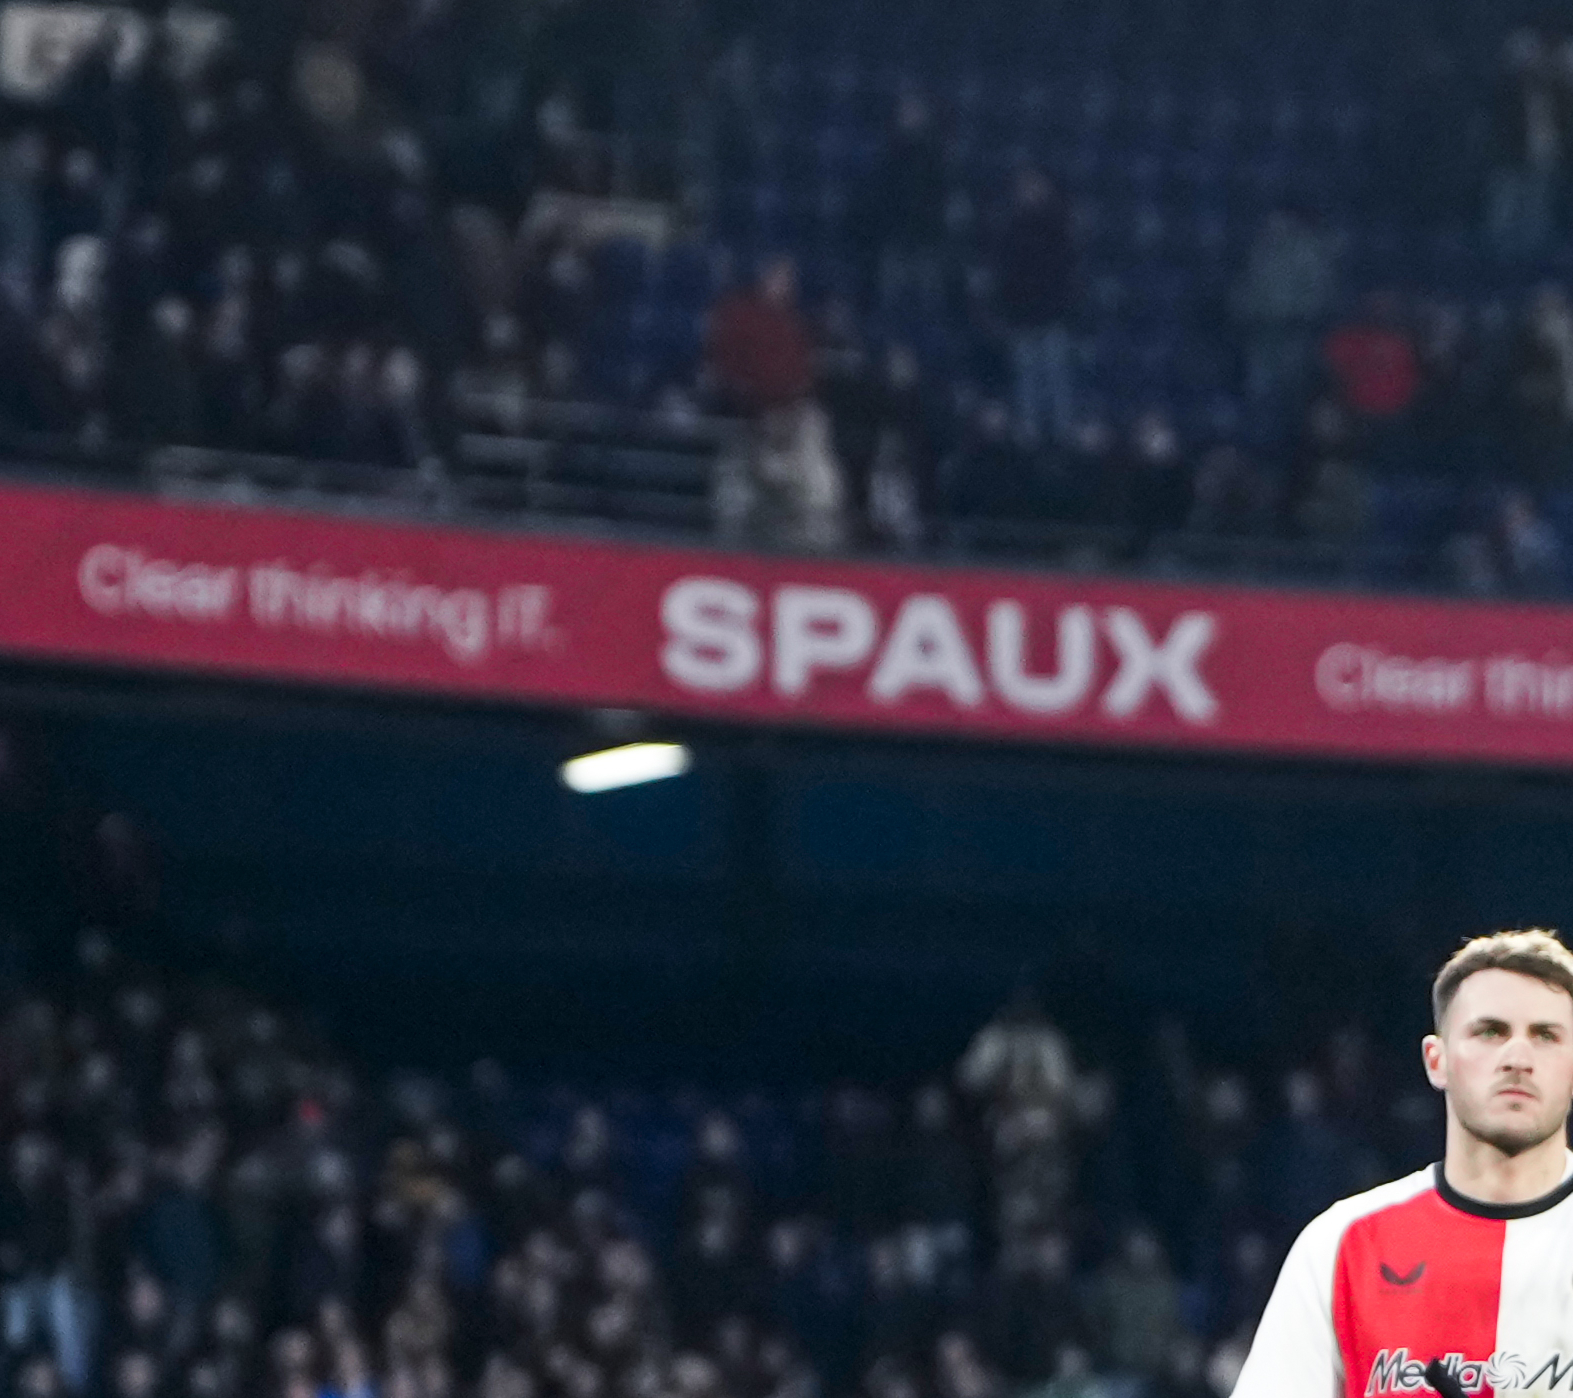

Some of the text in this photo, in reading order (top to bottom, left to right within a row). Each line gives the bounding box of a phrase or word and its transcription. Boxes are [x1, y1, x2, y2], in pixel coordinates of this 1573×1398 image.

[78, 544, 238, 622] Clear
[248, 558, 489, 665] thinking
[660, 576, 1218, 726] SPAUX
[1315, 641, 1476, 710] Clear

▸ ASSIGNED TASK
Please set down the whole listing above exactly and skip every picture.

▸ ANSWER BELOW
Some of the text in this photo, in reading order (top to bottom, left to right within a row). Each line gives the bounding box of a phrase or word and its transcription. Boxes are [x1, y1, x2, y2], in pixel coordinates of this 1573×1398 image.

[78, 544, 238, 622] Clear
[248, 558, 489, 665] thinking
[660, 576, 1218, 726] SPAUX
[1315, 641, 1476, 710] Clear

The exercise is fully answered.